Task material »
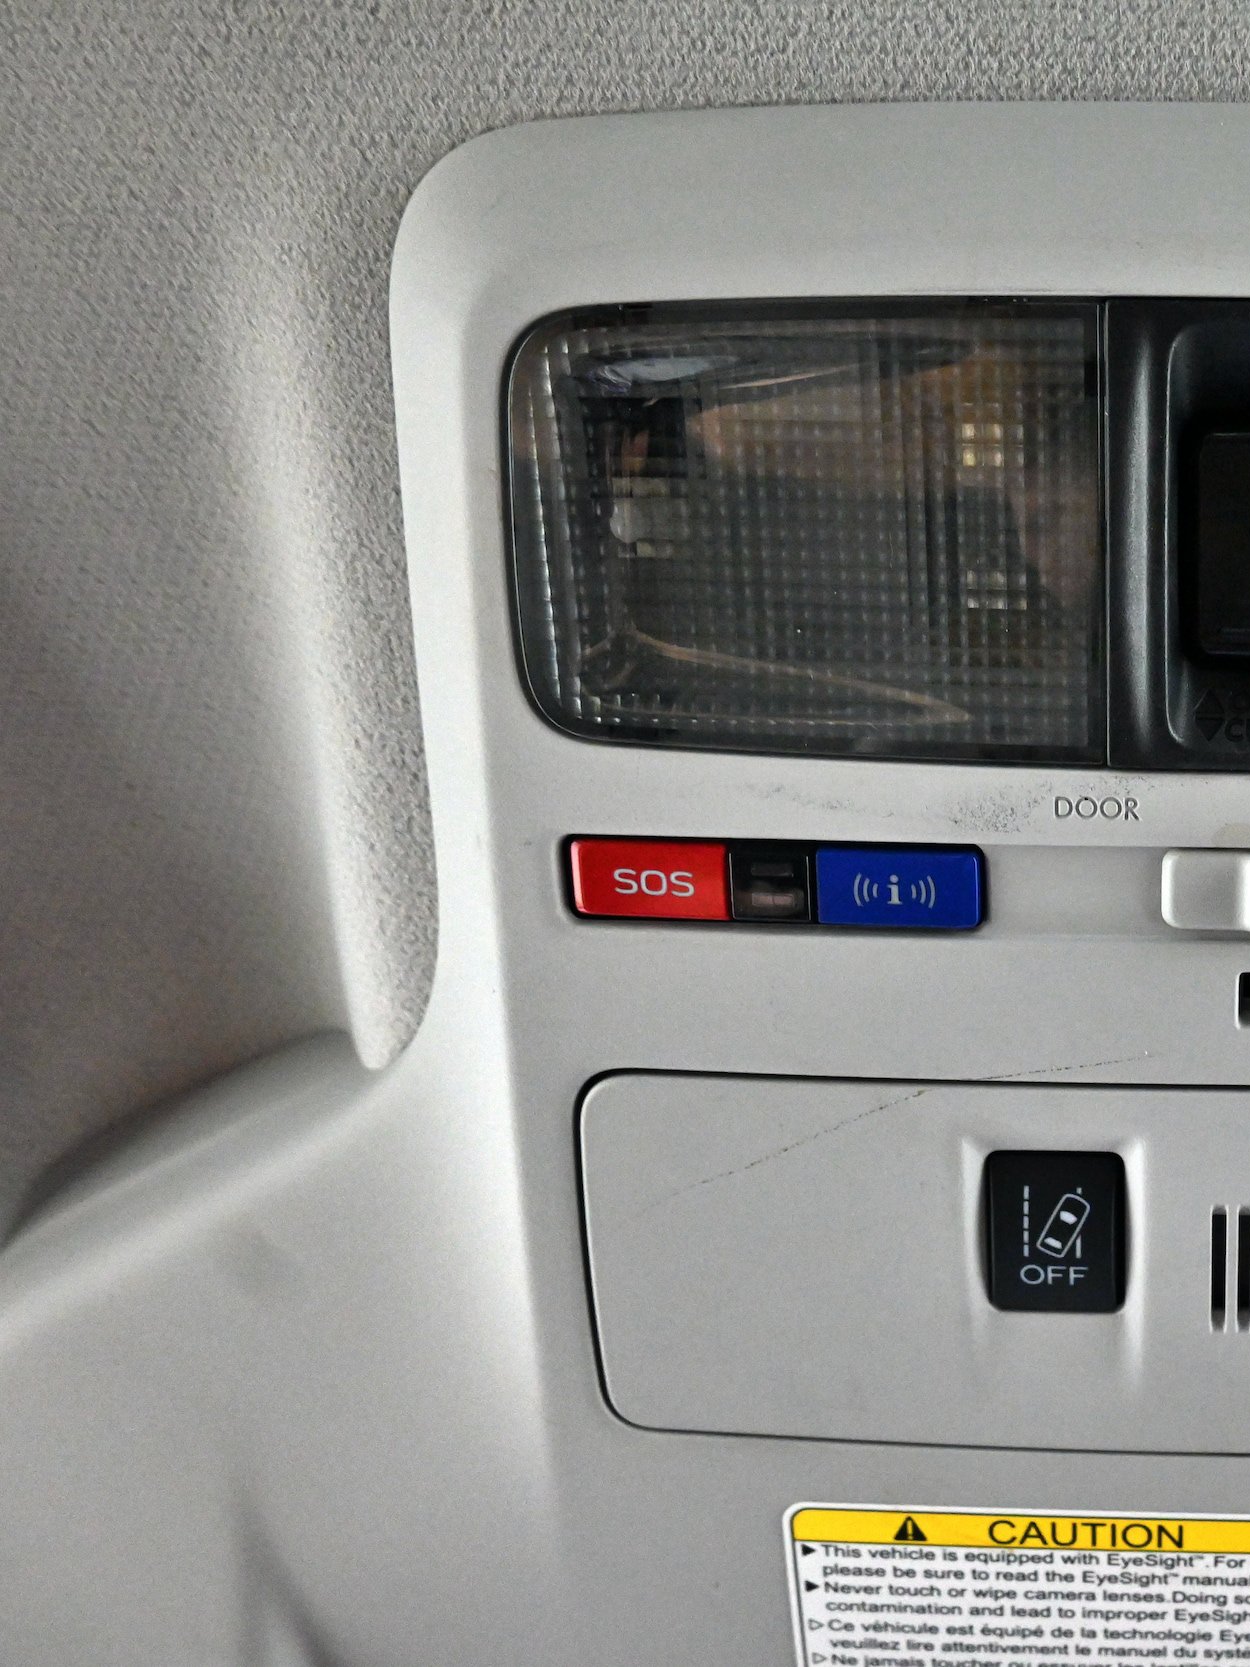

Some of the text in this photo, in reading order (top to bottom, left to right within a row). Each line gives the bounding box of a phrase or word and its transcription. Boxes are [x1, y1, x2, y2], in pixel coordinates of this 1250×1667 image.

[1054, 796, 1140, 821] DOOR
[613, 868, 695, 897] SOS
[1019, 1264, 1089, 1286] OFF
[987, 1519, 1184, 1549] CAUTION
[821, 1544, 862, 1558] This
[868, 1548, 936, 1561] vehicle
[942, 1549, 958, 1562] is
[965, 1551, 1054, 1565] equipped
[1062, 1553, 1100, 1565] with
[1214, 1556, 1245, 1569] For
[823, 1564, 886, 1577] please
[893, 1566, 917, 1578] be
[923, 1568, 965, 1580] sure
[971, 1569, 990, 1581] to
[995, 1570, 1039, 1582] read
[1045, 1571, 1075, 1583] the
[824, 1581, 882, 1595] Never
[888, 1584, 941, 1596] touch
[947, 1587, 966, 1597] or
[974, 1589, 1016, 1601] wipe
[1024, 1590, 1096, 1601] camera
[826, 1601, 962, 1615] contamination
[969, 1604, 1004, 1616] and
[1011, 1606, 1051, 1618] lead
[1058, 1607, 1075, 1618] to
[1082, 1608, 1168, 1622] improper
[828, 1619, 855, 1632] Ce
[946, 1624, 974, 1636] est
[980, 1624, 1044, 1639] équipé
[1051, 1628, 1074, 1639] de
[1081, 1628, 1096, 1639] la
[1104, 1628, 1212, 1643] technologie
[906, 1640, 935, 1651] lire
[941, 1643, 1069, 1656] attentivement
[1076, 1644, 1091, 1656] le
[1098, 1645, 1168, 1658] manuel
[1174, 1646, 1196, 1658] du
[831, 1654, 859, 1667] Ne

Task requirements »
Pictures stay out; repeat all the rest of the records exactly.

Response below »
Some of the text in this photo, in reading order (top to bottom, left to right within a row). Each line gives the bounding box of a phrase or word and its transcription. Boxes are [x1, y1, x2, y2], in pixel coordinates of this 1250×1667 image.

[1054, 796, 1140, 821] DOOR
[613, 868, 695, 897] SOS
[1019, 1264, 1089, 1286] OFF
[987, 1519, 1184, 1549] CAUTION
[821, 1544, 862, 1558] This
[868, 1548, 936, 1561] vehicle
[942, 1549, 958, 1562] is
[965, 1551, 1054, 1565] equipped
[1062, 1553, 1100, 1565] with
[1214, 1556, 1245, 1569] For
[823, 1564, 886, 1577] please
[893, 1566, 917, 1578] be
[923, 1568, 965, 1580] sure
[971, 1569, 990, 1581] to
[995, 1570, 1039, 1582] read
[1045, 1571, 1075, 1583] the
[824, 1581, 882, 1595] Never
[888, 1584, 941, 1596] touch
[947, 1587, 966, 1597] or
[974, 1589, 1016, 1601] wipe
[1024, 1590, 1096, 1601] camera
[826, 1601, 962, 1615] contamination
[969, 1604, 1004, 1616] and
[1011, 1606, 1051, 1618] lead
[1058, 1607, 1075, 1618] to
[1082, 1608, 1168, 1622] improper
[828, 1619, 855, 1632] Ce
[946, 1624, 974, 1636] est
[980, 1624, 1044, 1639] équipé
[1051, 1628, 1074, 1639] de
[1081, 1628, 1096, 1639] la
[1104, 1628, 1212, 1643] technologie
[906, 1640, 935, 1651] lire
[941, 1643, 1069, 1656] attentivement
[1076, 1644, 1091, 1656] le
[1098, 1645, 1168, 1658] manuel
[1174, 1646, 1196, 1658] du
[831, 1654, 859, 1667] Ne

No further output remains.